**Exercise objective**
Output nothing but the line containing "this 1280×1280 image." and the lines after it through the end of the material below, each reproduced exactly.

**Input for this task**

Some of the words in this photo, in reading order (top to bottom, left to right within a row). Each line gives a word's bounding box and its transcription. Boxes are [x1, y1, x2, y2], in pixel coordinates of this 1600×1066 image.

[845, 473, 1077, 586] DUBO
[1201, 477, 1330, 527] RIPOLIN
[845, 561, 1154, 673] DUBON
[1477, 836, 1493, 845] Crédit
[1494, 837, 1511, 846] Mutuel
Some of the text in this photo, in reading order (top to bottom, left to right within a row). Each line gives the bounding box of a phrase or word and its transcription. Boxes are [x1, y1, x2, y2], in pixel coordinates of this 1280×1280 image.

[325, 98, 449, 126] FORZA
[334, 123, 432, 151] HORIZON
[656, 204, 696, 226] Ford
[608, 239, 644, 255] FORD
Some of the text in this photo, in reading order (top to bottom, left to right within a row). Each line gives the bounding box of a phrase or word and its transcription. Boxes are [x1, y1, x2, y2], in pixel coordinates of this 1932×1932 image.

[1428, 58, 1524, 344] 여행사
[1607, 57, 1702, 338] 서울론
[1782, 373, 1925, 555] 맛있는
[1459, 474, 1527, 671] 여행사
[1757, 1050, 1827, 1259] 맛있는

**Solution to this task**
Some of the text in this photo, in reading order (top to bottom, left to right within a row). Each line gives the bounding box of a phrase or word and its transcription. Boxes are [x1, y1, x2, y2], in pixel coordinates of this 1280×1280 image.

[325, 98, 449, 126] FORZA
[334, 123, 432, 151] HORIZON
[656, 204, 696, 226] Ford
[608, 239, 644, 255] FORD
Some of the text in this photo, in reading order (top to bottom, left to right within a row). Each line gives the bounding box of a phrase or word and its transcription. Boxes are [x1, y1, x2, y2], in pixel coordinates of this 1932×1932 image.

[1428, 58, 1524, 344] 여행사
[1607, 57, 1702, 338] 서울론
[1782, 373, 1925, 555] 맛있는
[1459, 474, 1527, 671] 여행사
[1757, 1050, 1827, 1259] 맛있는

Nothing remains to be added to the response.